Cały remont wycenia się na 3 mln zł. - To obiekt zabytkowy i trzeba go robić zgodnie z zaleceniami konserwatora zabytków - mówił nam Krzysztof Bąk, pracownik gminnego wydziału administracji w Drezdenku. Gmina stara się o dofinansowanie prac.

- Do końca miesiąca chcemy złożyć wniosek o dofinansowanie z Urzędu Marszałkowskiego - mówił K. Bąk. Jeśli uda się dostać dodatkowe pieniądze, to remont ruszy jeszcze w tym roku.

Ma już swoje lata

Budynek składa się z dwóch kondygnacji i strychu. Już na pierwszy rzut oka nie jest w najlepszym stanie. Tynk odpada tu zarówno na zewnątrz, jak i w środku.

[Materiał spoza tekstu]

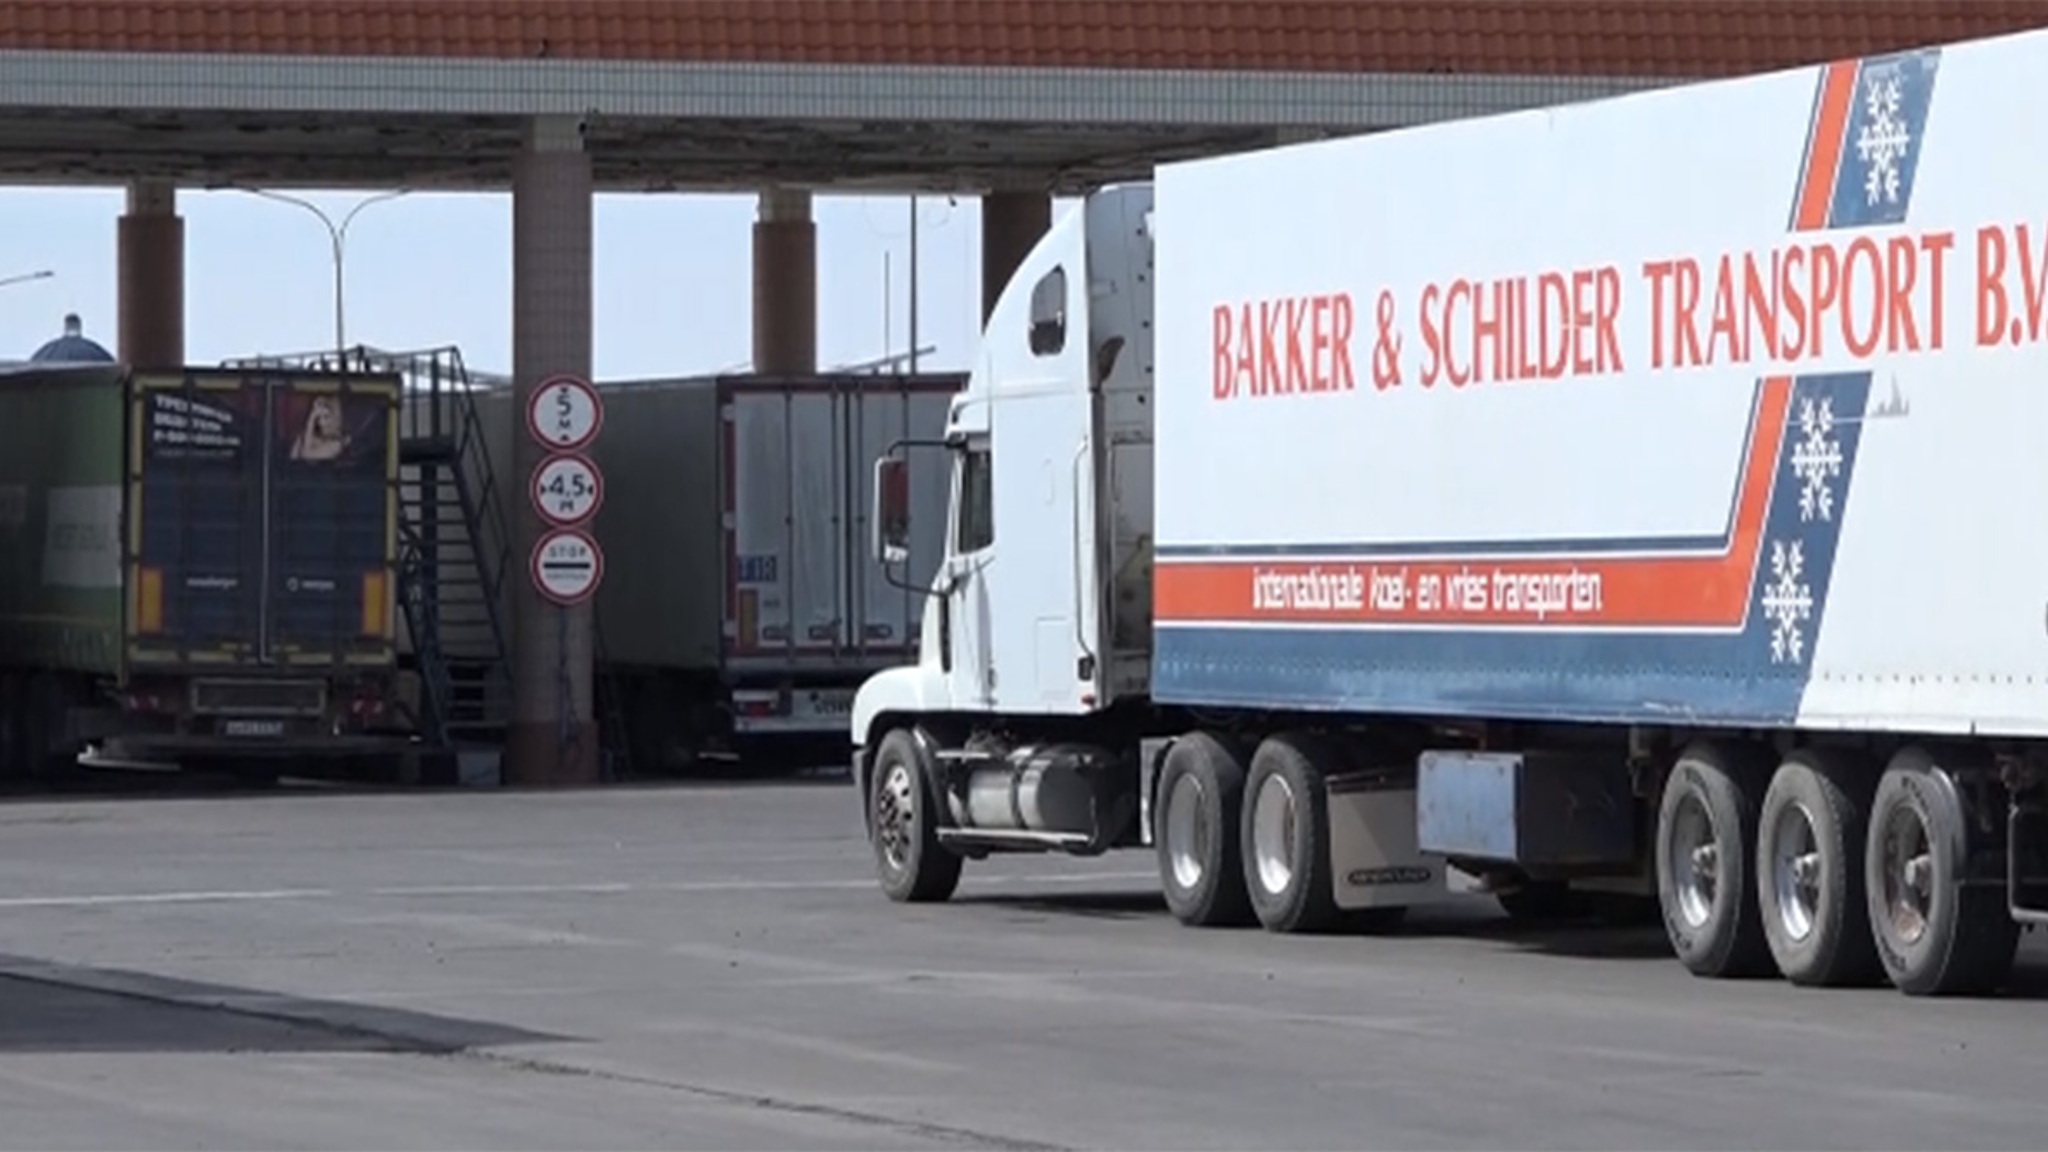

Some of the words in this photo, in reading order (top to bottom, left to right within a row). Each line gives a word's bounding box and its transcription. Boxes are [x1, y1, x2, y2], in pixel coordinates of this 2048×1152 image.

[1213, 294, 1354, 400] BAKKER
[1372, 290, 1402, 391] &
[1420, 265, 1624, 388] SCHILDER
[1643, 232, 1954, 369] TRANSPORT
[556, 394, 572, 417] 5
[549, 474, 585, 498] 4,5
[549, 545, 587, 558] STOP
[1253, 566, 1363, 609] internationale
[1417, 573, 1440, 610] en
[1446, 565, 1486, 611] vries
[1492, 566, 1602, 620] transporten

- Przede wszystkim musi nastąpić wymiana instalacji gazowej, sanitarnej i elektrycznej. Budynek ma już swoje lata i wszystko jest tu przestarzałe - mówiła nam Maria Borenstein, kierowniczka Ośrodka Pomocy Społecznej.

Do tego potrzeba odnowić podłogi, okna, drzwi, dach i... w zasadzie długo by jeszcze wymieniać.

W budynku zlikwidowany zostanie podjazd dla osób niepełnosprawnych. Ale spokojnie. W zamian za to powstanie winda. - Będzie można się nią przemieszczać przez wszystkie poziomu, łącznie z parterem - wyjaśniła M. Borenstein. Rozbiórka czeka budynek kiedyś służący celom gospodarczym (był tu. np. sprzęt do sprzątania). W jego miejsce powstanie nowy o podobnej funkcji.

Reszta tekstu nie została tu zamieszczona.